The Council for International Organizations of Medical Science (CIOMS)
CIOMS a part of the WHO is a globally oriented think tank that provides guidance on drug safety related topics through its Working Groups. The CIOMS prepares reports that are used as a reference for developing future drug regulatory policy and procedures, and over the years, many of CIOMS proposed policies have been adopted. Examples of topics these reports have covered include: Current Challenges in PV: Pragmatic Approaches (CIOMS V); Management of Safety Information from Clinical Trials (CIOMS VI); the Development Safety Update Report: Harmonizing the Format and Content for Periodic Safety Reporting During Clinical Trials (CIOMS VII); and Practical Aspects of Signal Detection in PV: Report of CIOMS Working Group (CIOMS VIII).
The International Society of PV (ISoP)
ISoP is an international non-profit scientific organization, which aims to foster PV both scientifically, educationally and enhance all aspects of the safe and proper use of medicines, in all countries. It was established in 1992 as the European Society of PV.
Future perspectives
For, the problems & challenges facing the development of a robust PV system of India, the following proposals might be as follows:

1. Build & maintain a vigorous PV system.
2. Making PV reporting mandatory and introducing PV inspections.
3. High-level discussions with various stakeholders.
4. Creating a single country-specific ADRs reporting form to be used by all.
5. Strengthen the Drug Controller General of India (DCGI) office with trained scientific and medical assessors for PV.
6. Creating a clinical trial and post-marketing database for SAEs / SUSARs and ADRs for signal detection and access to all relevant data from various stakeholders.

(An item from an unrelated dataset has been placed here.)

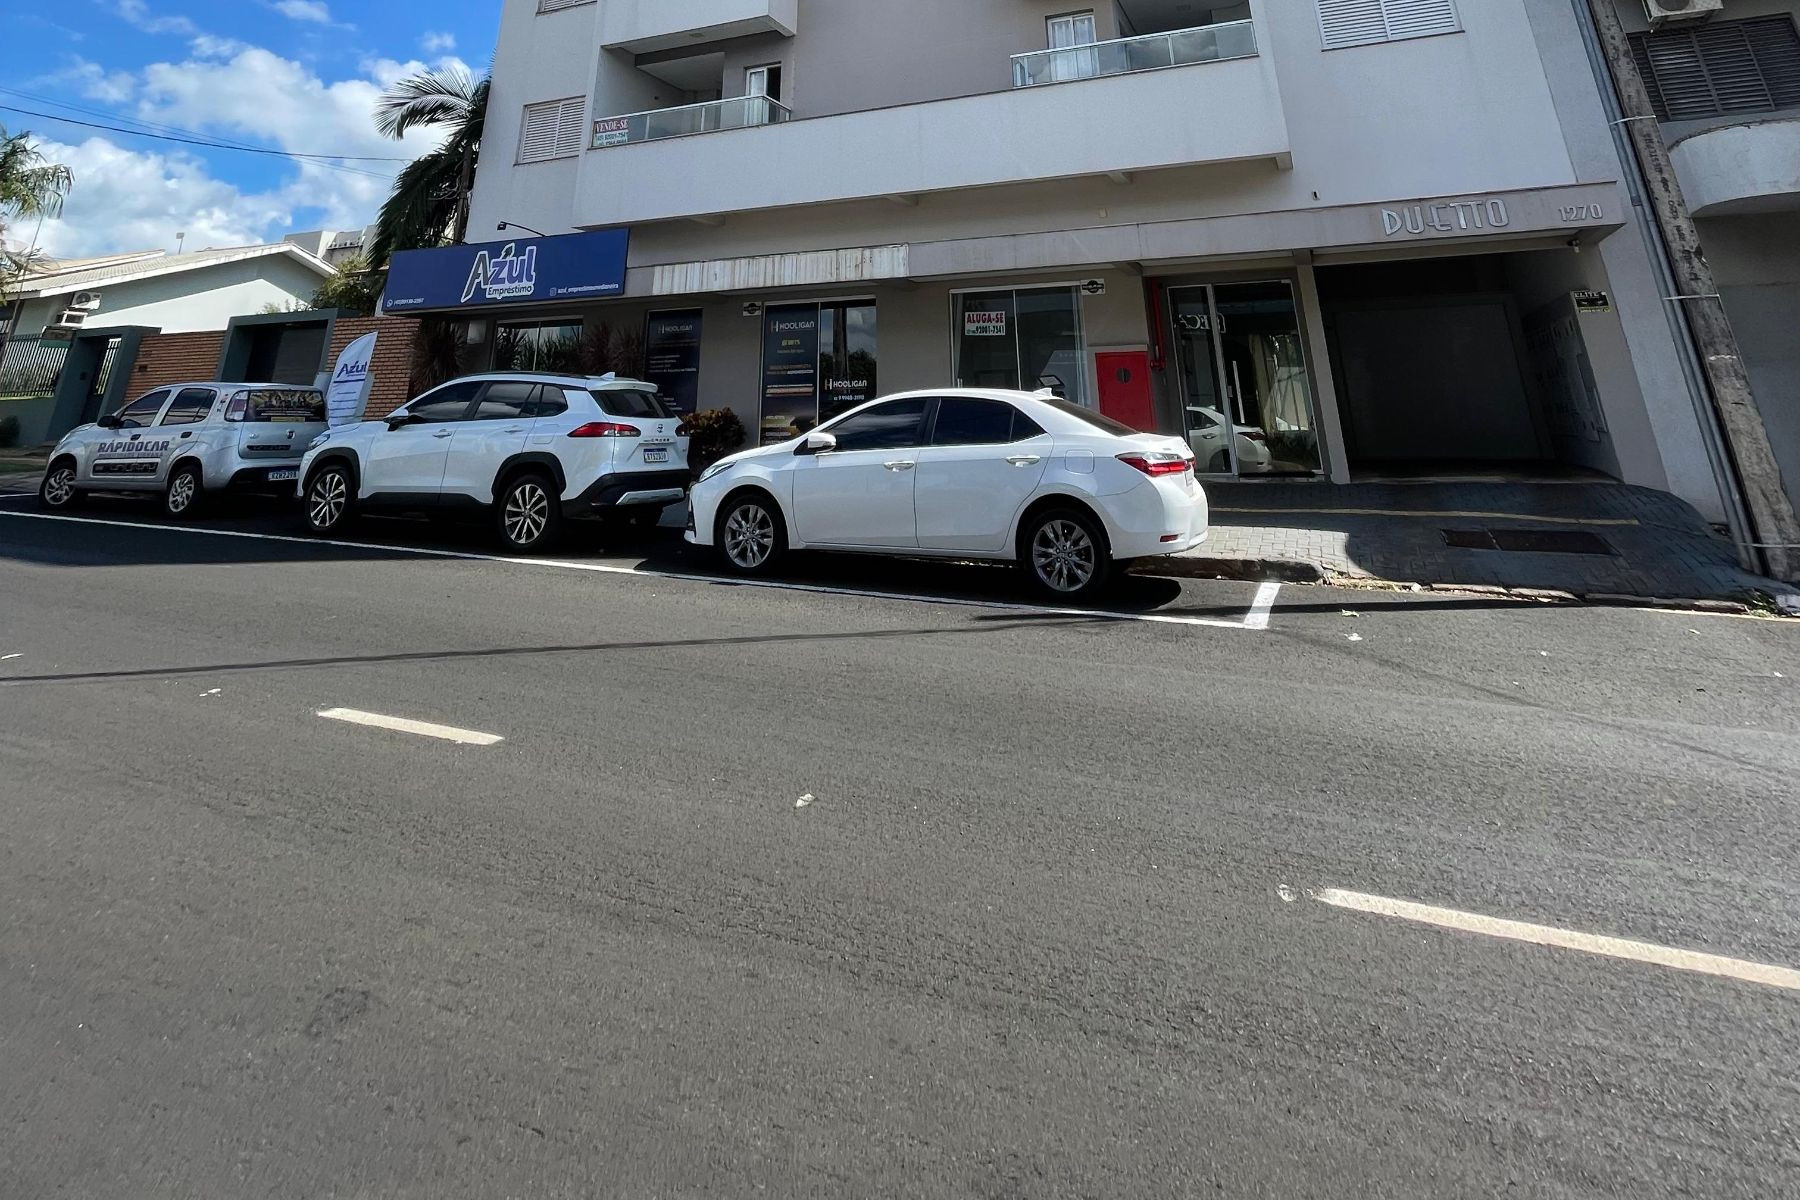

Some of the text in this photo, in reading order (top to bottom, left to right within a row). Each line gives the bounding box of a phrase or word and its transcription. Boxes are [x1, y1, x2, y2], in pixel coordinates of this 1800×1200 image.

7. Education and training of medical students, pharmacists and nurses in the area of PV.
8. List all new drugs/indications by maintaining a standard database for every pharmaceutical company.
9. Collaborating with PV organizations in enhancing drug safety with advancements in information technology, there has been the emergence of new opportunities for national and international collaborations that can enhance post-marketing surveillance programs and increase drug safety.
10. Building a network of PV and pharmacopeidemiologists in India.
Conclusion
The PV in India continues to grow, evolve, and improve. India is the largest producer of pharmaceuticals and now emerging as an important clinical trial hub in the world. The DCGI has shown its commitment to ensure safe use of drugs by establishing the National PV Program. PV may not rely upon one single method, but needs a strategy of complementary activities. The quality of the reports can be increased through proper training and retraining of the personnel engaged in the PV activity. A suitably working PV system is important if medicines are to be used prudently. It will be advantageous for healthcare professionals, regulatory authorities, pharmaceutical companies and consumers to monitor medicines for risk. Thus, a world class PV system can definitely be empowered in India.